Source records

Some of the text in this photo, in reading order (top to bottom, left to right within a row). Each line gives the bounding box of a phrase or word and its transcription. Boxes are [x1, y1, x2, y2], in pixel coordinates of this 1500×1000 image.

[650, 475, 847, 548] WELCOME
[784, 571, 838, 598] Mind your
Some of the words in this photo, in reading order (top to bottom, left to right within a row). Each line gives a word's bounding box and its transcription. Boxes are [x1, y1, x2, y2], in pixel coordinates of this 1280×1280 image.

==

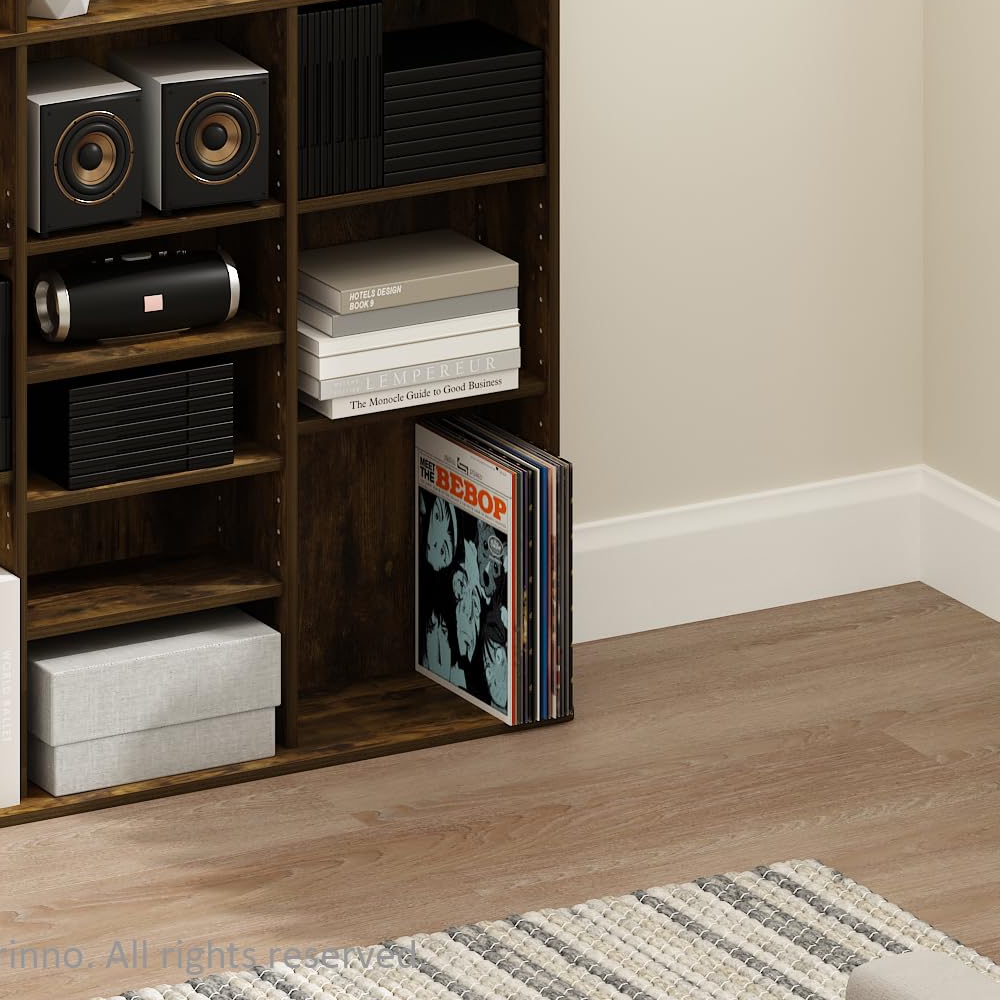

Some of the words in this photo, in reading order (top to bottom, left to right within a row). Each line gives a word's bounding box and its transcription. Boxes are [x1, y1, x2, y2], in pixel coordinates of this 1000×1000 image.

--

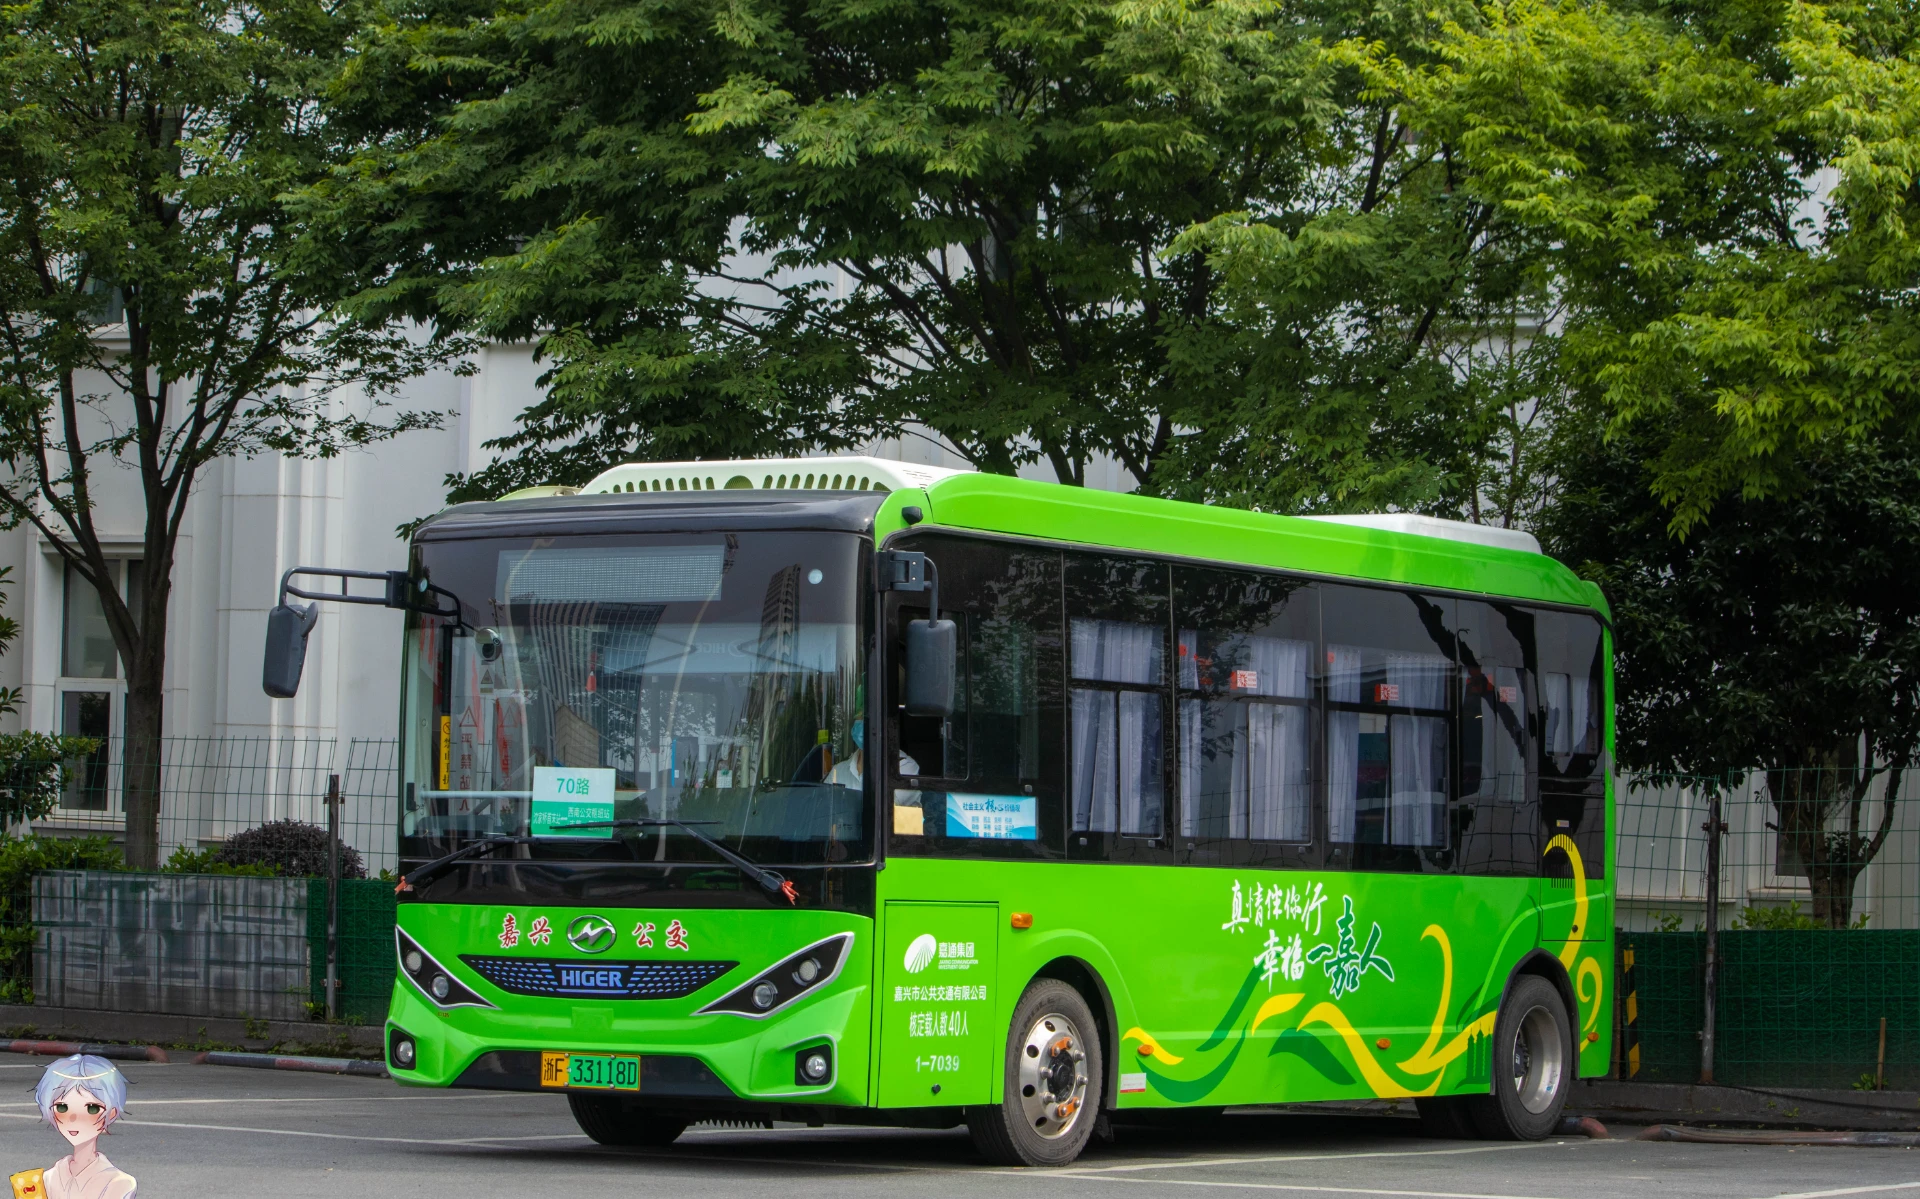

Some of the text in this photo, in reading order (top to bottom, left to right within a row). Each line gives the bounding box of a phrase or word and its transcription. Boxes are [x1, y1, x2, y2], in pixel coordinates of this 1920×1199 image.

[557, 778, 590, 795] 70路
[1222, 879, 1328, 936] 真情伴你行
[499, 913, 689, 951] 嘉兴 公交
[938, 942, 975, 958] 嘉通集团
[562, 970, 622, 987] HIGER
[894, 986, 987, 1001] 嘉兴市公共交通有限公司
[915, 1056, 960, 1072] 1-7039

Instructions for the task
Find how many lines in the entries include the string "words", and state only the number.

Final answer
2